« On ne va jamais si loin que lorsque l’on ne sait pas où l’on va. »
Manifestement, notre pays est condamné, depuis maintenant plus de dix ans, à faire du surplace, parce qu’il ne sait pas où il va, d’une part, et il manque à ses dirigeants la volonté de faire bouger les lignes et d’aller de l’avant pour conduire des réformes audacieuses propre à changer l’ordre des choses.
Ce qui fait cruellement défaut, également, c’est une boussole, une vision et une capacité de transformer les difficultés que connait le pays en opportunités. Au regard des défis qui nous guettent et des difficultés qui ne font que gagner en complexité et en ampleur, on a préféré, jusqu’ici, les demi mesures, la politique de l’autruche et, souvent, la fuite en avant.
Par la faute de tout le monde, le pays s’est transformé en une sorte d’arène où la majorité des acteurs ont choisi de se livrer à des guéguerres improductives et interminables, qui n’ont fait que creuser davantage les sillons de la discorde, de la colère et de la désunion plutôt que de susciter un débat apaisé et réfléchi qui construit l’avenir et renforce les fondements de cette jeune démocratie, assailli par des vagues rebelles.
Nos dirigeants daignent oublier une évidence qui fait «qu’en politique le choix est rarement entre le bien et le mal, mais entre le pire et le moindre mal. » Le paradoxe que nous vivons actuellement, vient, précisément, de l’absence de choix clairs et déterminés, de la paralysie qui a gagné nos dirigeants qui approchent, avec une main tremblante, tous les dossiers brulants.
Les manifestations de colère qui ont été accompagnées ces derniers temps par des actes de pillage et de violence dans de nombreuses régions du pays sont une parfaite traduction de l’impuissance des pouvoirs publics à proposer, à des jeunes désœuvrés et gagnés par le désespoir et la désillusion, des solutions et des alternatives sérieuses qui leur permettent de trouver des raisons d’espoir et de confiance. Impuissance, également, à assumer leur responsabilité, toute leur responsabilité et à dire la vérité aux tunisiens, plutôt que de s’obstiner à emprunter les pistes politiciennes glissantes.
Au moment où experts avertis, organisations internationales et bailleurs de fonds rappellent à satiété la gravité de la situation économique, financière, sociale et l’urgence d’entreprendre des réformes inévitables, pouvoirs publics, acteurs politiques et organisations nationales font comme si de rien n’était. Ils continuent à occulter une réalité complexe préférant chercher à colmater les brèches non à guérir le mal et à vouloir administrer des palliatifs sur un corps devenu presque inanimé. Ils s’obstinent à nous faire croire que tout n’est pas perdu, tout en faisant perdre au pays un temps précieux dans la gestion de questions insignifiantes alors que le contexte exige, plus que jamais, d’agir et de conduire un véritable changement pour espérer sauver ce qui pourrait l’être encore.
Dans la confusion qui règne, les divisions qui ne font que se creuser et le climat délétère paralysant, peut-on réellement opérer des réformes, si douloureuses soient elles, peut-on espérer une adhésion volontaire des Tunisiens à des choix qui restent entourés d’un nuage épais ou restaurer une confiance perdue ?

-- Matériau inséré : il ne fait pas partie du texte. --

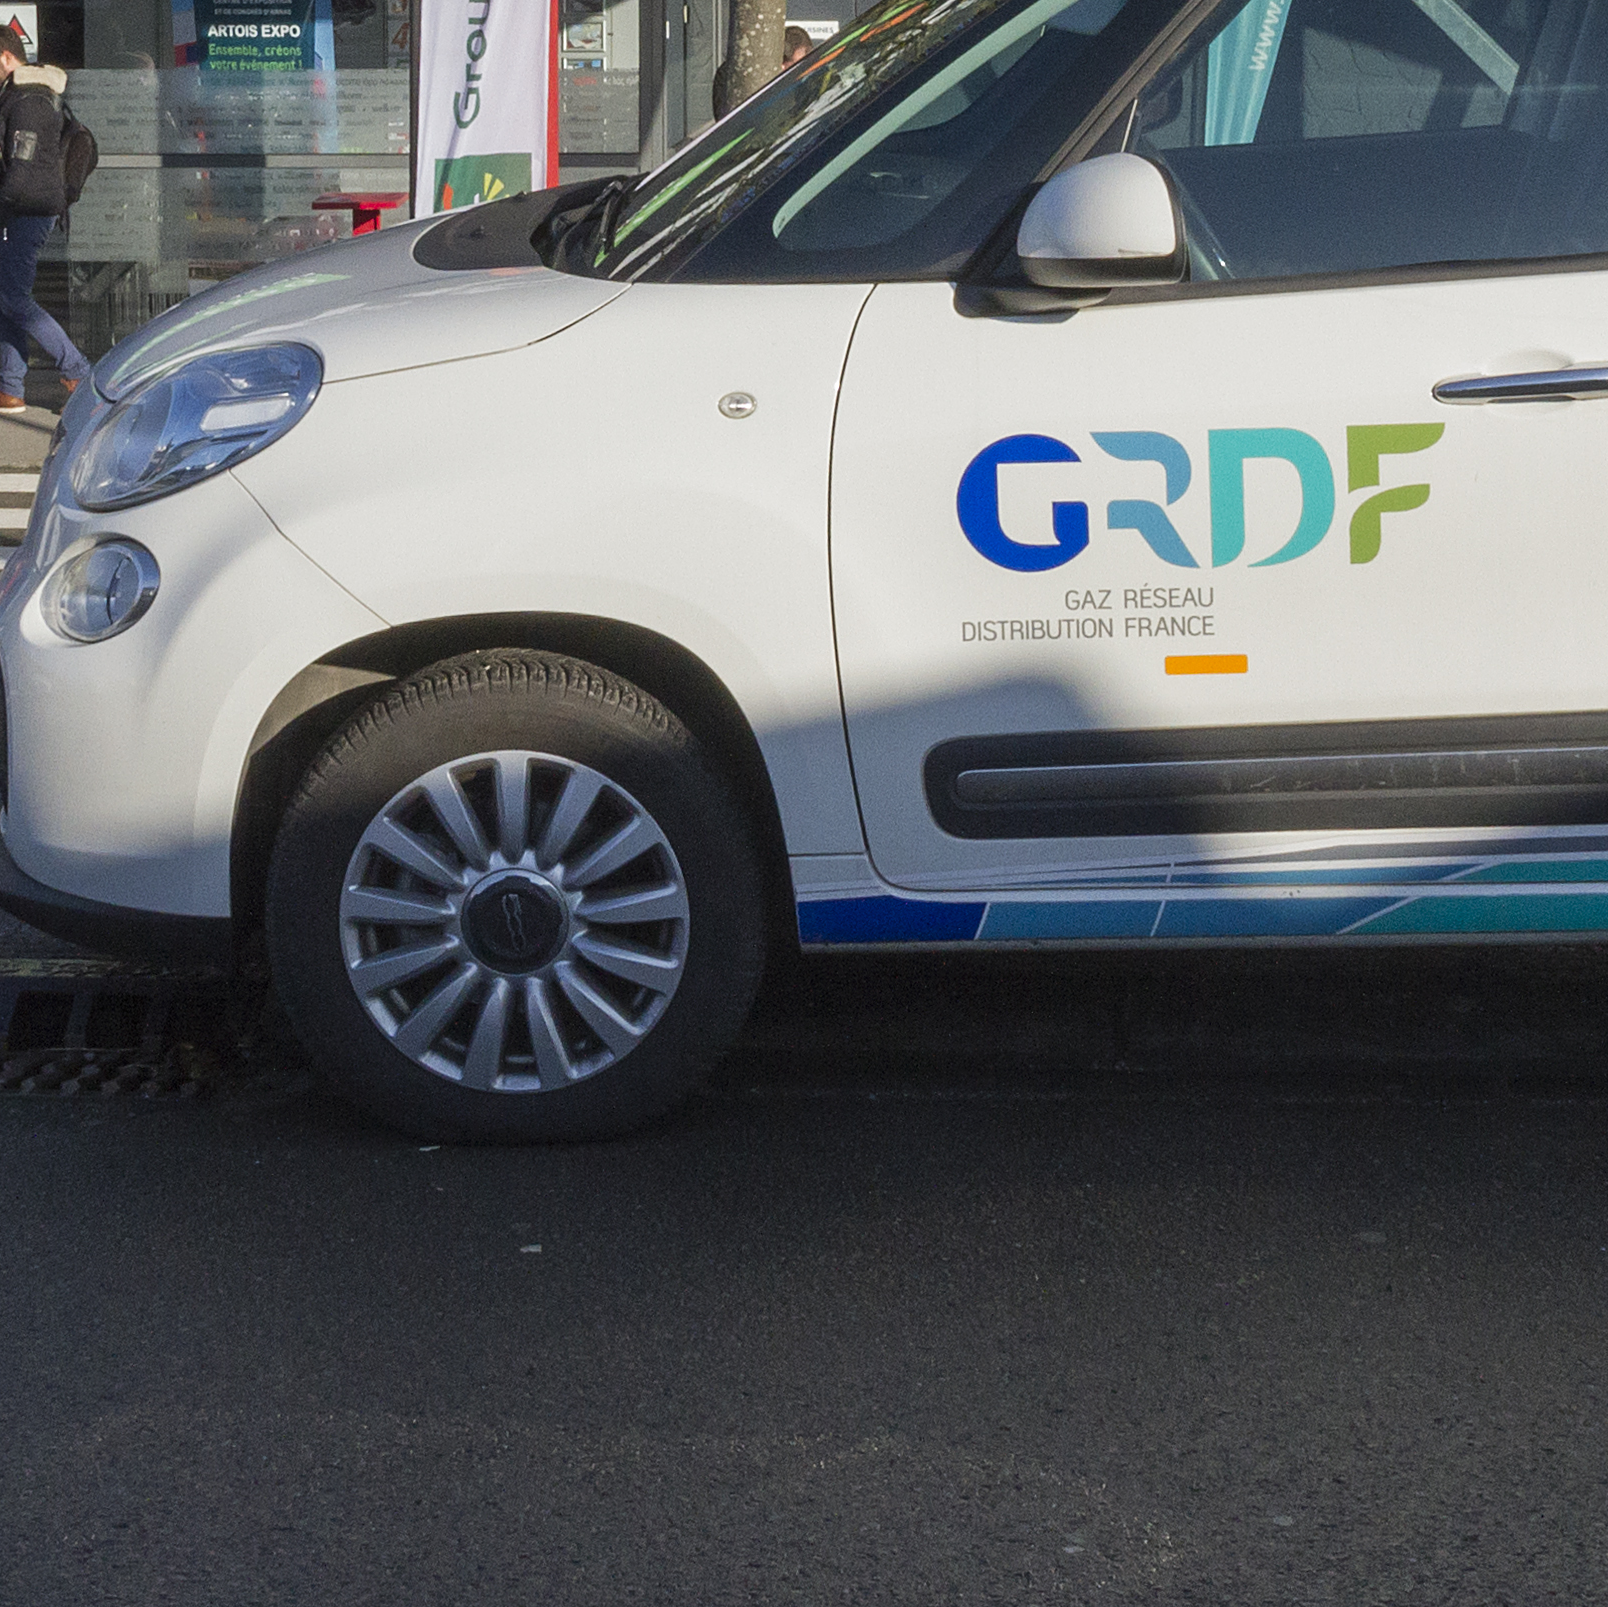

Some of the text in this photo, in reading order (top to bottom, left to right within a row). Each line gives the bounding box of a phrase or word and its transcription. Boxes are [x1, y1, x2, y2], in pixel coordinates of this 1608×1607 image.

Au moment où les efforts devraient être orientés vers l’essentiel, classe politique, organisations de la société civile et même les pouvoirs en place, font grise mine, brillent par leur inertie et continuent à s’esclaffer au grand jour.
Le pays, pourtant, éprouvé par les effets du covid-19, supporte de plus en plus péniblement, les incohérences et les errements d’acteurs qui n’ont pas pu prendre conscience qu’il est temps d’enterrer la hache de guerre et de répondre aux cris de détresse des Tunisiens qui se sentent trahis par ceux-là même qui prétendent détenir le flambeau de la révolution et du changement.